Tax Treatment of Rebates May Be Clearing Up
How to manage these payments' tax recognition.
Rebates are used in many vendor market channel programs to accomplish objectives such as jump-starting a market, overcoming market barriers and supporting a market until economies of scale can reduce production costs. The income tax treatment of rebates, however, has been a simmering dispute for more than 50 years, leaving uncertainty for both payers and recipients as to characterization and timing.
Recently, the IRS has taken steps to reduce some of the confusion. But a major issue remains unsettled: whether a rebate is a sales price adjustment reducing gross income (exclusion) or a deduction from gross income. This would be a distinction without a difference for federal taxable income, which is reduced either way, except that a deduction is subject to the restrictions of IRC § 162(c) (state sales taxes could also be affected). Thus, rebates that have not qualified as exclusions have been disallowed altogether when the IRS held them to be not ordinary and necessary, or when the payment fit one of the prohibited categories of section 162(c), such as illegal payments or kickbacks.

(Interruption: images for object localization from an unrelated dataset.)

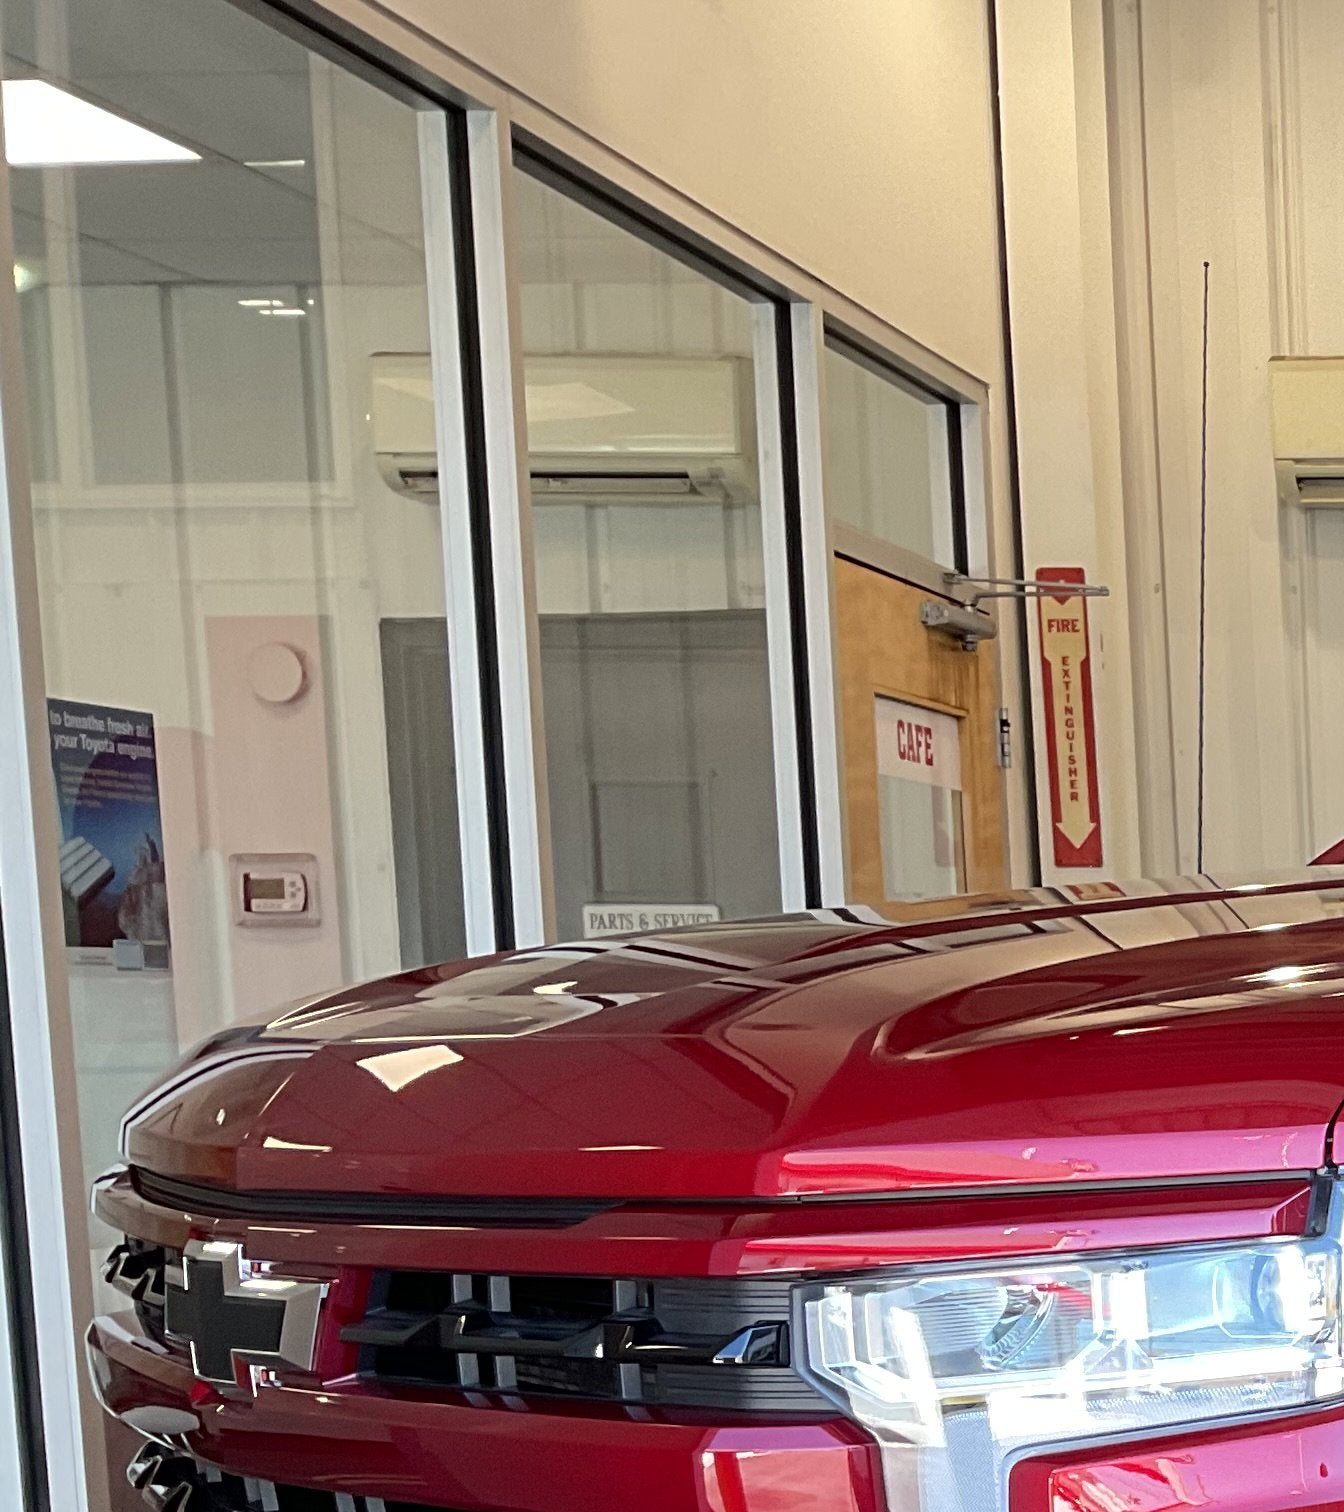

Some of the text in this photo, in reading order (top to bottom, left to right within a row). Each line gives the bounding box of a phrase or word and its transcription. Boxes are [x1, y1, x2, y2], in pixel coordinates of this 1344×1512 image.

[1047, 618, 1081, 634] FIRE
[106, 717, 134, 736] fresh
[1061, 656, 1080, 802] EXTINGUISHER
[79, 733, 115, 756] Toyota
[897, 719, 934, 767] CAFE
[589, 912, 634, 931] PARTS
[638, 913, 650, 931] &

The rapidly evolving position of the IRS can be viewed through the prism of a series of pronouncements on Medicaid rebates paid by drug manufacturers. In FSA 200101004, the IRS advised that such rebates paid to state agencies were not sales price adjustments. Then in Revenue Ruling 2005-28 and, more recently, in Revenue Ruling 2008-26, the IRS reversed that position using the identical fact pattern. This reversal should not be narrowly interpreted to apply only to Medicaid rebates, because in these more recent rulings the IRS also announced it was suspending an earlier ruling (Revenue Ruling 76-96) that had held that rebates paid by automobile manufacturers were business expenses.